El otro rasgo central del exceso continental se desprende de lo anterior. Consiste en pensar que lo propiamente filosófico solamente surge dentro de la filosofía (aquí estoy utilizando, para el caso de la filosofía, algo análogo a la manera en que Marchart reivindica la diferencia ontológica heideggeriana, para el caso del pensamiento político posfundacional, y empieza a hablar de la “diferencia política“). En nuestro caso, podríamos quizá hablar acá de la “diferencia filosófica” y sostener que “lo filosófico” (el quehacer filosófico, la actividad, la producción filosófica) en sentido eminente no puede agotarse en “la filosofía”, entendiendo a ésta como el campo institucional, académico, tradicional y universitario de saber especializado. Desde esta perspectiva, y en base a lo anterior, podemos sostener que el exceso continental sublima a la filosofía institucional y la hace la única poseedora de lo filosófico (la historia de los filósofos deviene la historia de los profesores universitarios de filosofía). Llevando esto al extremo lo que tenemos son filósofos que creen que la filosofía nace, crece y muere dentro de los departamentos de filosofía de las universidades (esto también lo denominé “el quinto sueño dogmático”). Lo filosófico, para esta visión, no se encuentra en otros departamentos, en otras disciplinas o en otros espacios extra-universitarios o “extra-académicos” (¡ello sería suscribir básicamente algo apócrifo!).

Este contacto con algo más que la historia de la filosofía para producir lo filosófico es esencial y Bryant lo recuerda a propósito de los filósofos clásicos previos al siglo XIX:

Is it a mistake that our greatest philosophers, until the 19th century, were never professional philosophers, but always physicists, wanderers, chemists, alchemists, statesmen, etc? Is there something about this absence of an institutional place for philosophy that is a necessary condition for philosophy?

Los grandes filósofos tenías trabajos que iban más allá de la filosofía. No eran académicos o especialistas en el sentido en el que hoy usamos esas expresiones. Bryant quiere reivindicar este hecho y creo que es importante. Con la profesionalización del quehacer filosófico, advino la necesidad de darle un “objeto” de estudio: su propia historia.
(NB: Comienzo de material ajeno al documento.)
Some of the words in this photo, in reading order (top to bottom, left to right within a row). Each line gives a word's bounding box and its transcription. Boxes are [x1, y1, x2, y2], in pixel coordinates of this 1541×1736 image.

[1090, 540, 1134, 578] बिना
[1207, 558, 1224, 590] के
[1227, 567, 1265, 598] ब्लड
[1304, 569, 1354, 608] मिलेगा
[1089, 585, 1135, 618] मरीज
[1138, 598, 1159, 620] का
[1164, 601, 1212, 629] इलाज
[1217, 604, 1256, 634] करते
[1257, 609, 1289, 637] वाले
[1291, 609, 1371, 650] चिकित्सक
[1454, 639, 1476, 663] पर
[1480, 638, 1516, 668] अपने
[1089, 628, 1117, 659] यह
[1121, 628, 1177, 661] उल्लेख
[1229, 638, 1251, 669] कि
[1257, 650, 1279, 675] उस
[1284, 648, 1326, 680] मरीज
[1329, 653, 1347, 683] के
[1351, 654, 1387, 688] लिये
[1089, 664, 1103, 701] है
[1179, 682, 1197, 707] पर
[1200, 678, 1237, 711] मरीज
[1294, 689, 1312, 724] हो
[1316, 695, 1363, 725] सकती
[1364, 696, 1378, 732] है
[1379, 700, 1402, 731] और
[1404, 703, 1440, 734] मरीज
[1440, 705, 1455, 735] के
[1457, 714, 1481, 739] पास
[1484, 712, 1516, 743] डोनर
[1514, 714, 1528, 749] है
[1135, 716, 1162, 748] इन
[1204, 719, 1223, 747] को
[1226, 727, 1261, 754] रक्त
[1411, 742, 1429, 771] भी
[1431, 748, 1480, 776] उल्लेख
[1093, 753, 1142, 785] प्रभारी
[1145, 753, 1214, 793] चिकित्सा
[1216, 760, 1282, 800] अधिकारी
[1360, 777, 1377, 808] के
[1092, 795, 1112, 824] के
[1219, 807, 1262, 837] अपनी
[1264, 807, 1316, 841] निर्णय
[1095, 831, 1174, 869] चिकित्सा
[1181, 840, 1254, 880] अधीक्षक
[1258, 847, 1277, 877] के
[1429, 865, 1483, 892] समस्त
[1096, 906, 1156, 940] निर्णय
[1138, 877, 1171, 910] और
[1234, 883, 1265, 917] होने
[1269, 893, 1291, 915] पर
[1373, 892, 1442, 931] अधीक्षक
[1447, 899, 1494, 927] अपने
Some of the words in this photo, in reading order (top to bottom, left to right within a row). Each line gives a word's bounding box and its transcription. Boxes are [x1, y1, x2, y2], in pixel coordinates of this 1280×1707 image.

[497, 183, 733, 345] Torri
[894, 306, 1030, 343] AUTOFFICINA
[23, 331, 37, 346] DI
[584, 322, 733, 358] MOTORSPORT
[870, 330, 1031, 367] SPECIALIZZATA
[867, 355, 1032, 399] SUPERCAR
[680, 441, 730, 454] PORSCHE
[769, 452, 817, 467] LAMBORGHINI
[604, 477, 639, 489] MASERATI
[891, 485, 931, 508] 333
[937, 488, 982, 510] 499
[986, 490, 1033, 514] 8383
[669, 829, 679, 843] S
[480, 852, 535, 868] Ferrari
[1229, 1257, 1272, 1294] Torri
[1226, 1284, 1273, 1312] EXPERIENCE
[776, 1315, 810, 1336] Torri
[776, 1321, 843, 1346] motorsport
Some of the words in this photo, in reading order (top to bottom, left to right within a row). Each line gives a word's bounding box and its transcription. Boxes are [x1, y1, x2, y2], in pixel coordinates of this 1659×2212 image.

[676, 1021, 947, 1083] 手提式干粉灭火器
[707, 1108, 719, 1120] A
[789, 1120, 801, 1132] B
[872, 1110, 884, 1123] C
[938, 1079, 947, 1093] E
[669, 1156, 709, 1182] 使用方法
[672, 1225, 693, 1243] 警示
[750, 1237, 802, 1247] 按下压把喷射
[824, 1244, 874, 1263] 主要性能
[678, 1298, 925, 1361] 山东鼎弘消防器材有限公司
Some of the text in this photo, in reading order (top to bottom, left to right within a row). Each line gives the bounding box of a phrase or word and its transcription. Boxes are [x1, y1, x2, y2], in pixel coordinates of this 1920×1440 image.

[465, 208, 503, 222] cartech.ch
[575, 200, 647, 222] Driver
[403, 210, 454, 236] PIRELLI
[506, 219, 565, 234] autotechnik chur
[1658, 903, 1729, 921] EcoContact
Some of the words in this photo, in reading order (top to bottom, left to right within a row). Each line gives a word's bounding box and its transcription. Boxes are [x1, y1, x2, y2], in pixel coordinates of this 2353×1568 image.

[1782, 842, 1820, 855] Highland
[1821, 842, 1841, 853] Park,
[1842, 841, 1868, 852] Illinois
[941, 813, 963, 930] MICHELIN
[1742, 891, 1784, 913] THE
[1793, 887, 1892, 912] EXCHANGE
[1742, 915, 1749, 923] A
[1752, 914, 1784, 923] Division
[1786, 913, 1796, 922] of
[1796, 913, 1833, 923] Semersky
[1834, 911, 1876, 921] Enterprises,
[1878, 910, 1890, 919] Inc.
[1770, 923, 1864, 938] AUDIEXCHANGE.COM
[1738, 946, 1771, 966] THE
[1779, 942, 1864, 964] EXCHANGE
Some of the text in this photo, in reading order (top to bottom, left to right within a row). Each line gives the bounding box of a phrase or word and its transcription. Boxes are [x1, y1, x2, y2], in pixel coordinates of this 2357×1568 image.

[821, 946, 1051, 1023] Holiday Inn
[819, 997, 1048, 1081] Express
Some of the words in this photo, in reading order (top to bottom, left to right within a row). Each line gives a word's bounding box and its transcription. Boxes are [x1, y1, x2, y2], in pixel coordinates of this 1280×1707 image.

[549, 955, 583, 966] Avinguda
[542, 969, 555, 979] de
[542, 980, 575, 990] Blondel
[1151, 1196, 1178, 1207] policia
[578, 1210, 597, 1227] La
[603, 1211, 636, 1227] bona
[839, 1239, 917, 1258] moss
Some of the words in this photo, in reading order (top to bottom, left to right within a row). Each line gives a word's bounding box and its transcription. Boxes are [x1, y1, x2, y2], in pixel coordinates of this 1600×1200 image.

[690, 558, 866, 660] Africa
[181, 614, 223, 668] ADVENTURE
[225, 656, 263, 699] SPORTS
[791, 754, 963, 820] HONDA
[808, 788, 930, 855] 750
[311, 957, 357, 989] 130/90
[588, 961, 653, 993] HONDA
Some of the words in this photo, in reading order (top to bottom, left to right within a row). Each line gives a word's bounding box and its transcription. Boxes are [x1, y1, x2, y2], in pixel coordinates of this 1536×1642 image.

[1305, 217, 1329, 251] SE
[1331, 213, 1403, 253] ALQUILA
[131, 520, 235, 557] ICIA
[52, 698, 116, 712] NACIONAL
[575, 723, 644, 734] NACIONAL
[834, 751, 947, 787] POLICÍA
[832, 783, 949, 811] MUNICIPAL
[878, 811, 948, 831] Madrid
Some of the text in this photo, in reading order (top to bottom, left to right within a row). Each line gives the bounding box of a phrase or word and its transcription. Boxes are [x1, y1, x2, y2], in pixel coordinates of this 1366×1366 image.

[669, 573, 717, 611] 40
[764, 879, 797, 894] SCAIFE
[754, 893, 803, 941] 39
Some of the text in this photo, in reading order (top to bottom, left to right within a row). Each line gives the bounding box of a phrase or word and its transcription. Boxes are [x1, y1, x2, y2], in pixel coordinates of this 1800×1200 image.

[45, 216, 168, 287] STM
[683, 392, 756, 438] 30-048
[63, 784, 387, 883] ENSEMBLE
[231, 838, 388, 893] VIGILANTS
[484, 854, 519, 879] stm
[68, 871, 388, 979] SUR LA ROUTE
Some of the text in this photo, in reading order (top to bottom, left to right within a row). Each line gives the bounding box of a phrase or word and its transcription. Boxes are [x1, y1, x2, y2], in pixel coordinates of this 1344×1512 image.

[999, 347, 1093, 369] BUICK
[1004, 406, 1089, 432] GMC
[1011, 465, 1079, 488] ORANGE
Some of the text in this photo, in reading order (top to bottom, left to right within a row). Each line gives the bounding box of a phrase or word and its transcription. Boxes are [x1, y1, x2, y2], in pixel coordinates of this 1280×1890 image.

El riesgo (o potencial exceso) es reducir lo filosófico a la filosofía entendida de manera institucional y academicista, aislándola de otras disciplinas y espacios, y pensando que de lo que se trata es de ser en sentido eminente un historiador y comentarista. Tal es, pues, el exceso continental que debemos evitar a toda costa.

El problema consiste, pues, en encontrar la “justa medida”: rigor, conocimiento de tradición, reflexión crítica y pensamiento creativo.